The Visit Telluride website has an entire page dedicated to aggregating and promoting vacation rentals in the community.
Tigner, who joined the Travel Portland board in May, said “it has been great to bring some insight to the group at Travel Portland about what short-term rentals are, the way we operate, our target market, and measures we use to be good actors in the community,” Tigner said. “Obviously, everyone has heard of the extremely rare instances on the news when something goes wrong at a short-term rental, but they don’t hear about the other million stays where families had a wonderful vacation.”

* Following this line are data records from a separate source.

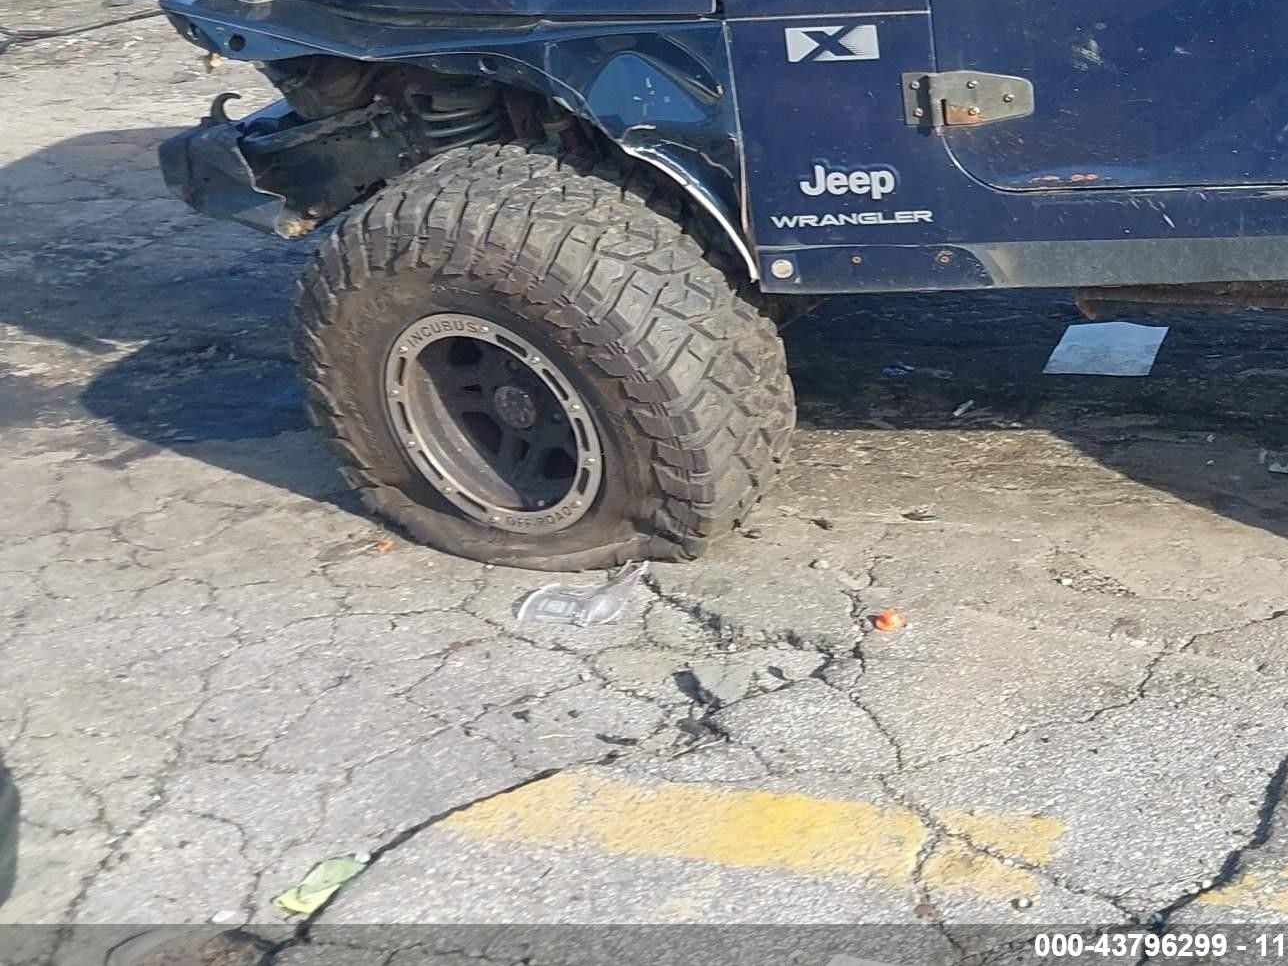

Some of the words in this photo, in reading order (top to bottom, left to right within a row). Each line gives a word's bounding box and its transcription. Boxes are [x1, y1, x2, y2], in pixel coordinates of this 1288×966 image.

[799, 164, 896, 200] Jeep
[770, 209, 934, 229] WRANGLER
[407, 320, 479, 347] INCUBUS
[505, 506, 574, 528] OFF-ROAD
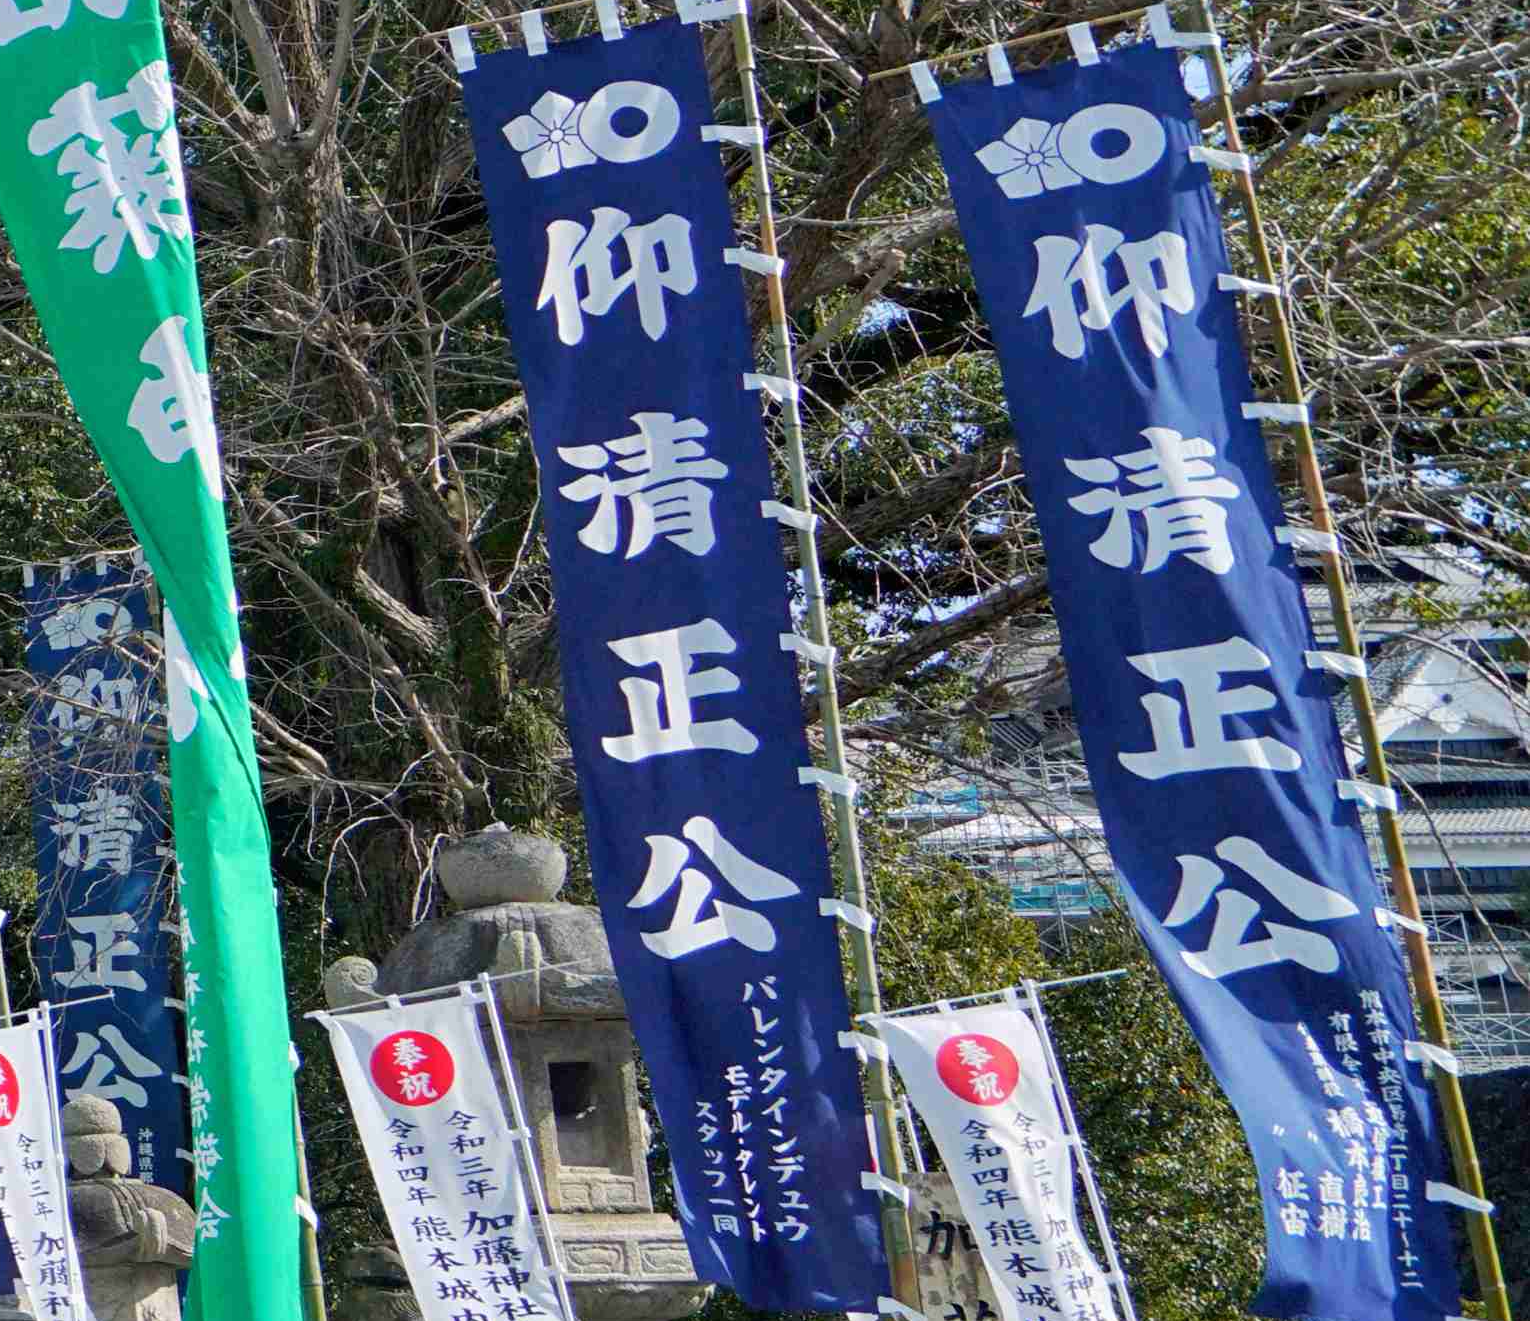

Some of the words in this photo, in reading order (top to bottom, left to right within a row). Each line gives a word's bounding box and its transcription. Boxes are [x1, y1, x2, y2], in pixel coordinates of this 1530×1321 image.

How to join your local tourism board
Adding an STR seat to your local tourism board may require a concerted effort by your STR community.
In Portland, Oregon, hosts had almost no say in regulations and taxation that the city was imposing on them. In mid-2018, members of Host2Host, a trade association for STR hosts, organized to speak out on new STR fees proposed by the Portland City Council. During their advocacy push, they made a case for adding an STR host to the Travel Portland board. They were able to demonstrate their industry’s economic contribution – especially STRs’ role in fueling Portland’s love affair with eating and buying local, as Portland hosts commonly direct guests to their favorite local establishments.
The STR industry now has two of the 28 seats on that tourism board.
Other strategies include getting involved with your local tourism board, attending events, getting to know board members, and showing your interest in serving. Serve on other boards and organizations that could help you make connections on the tourism board or recommend you for a position.
“Once people know who you are and what you stand for, you get recommended to certain positions through somebody who knows somebody,” Tigner said “That is how it happened for me.”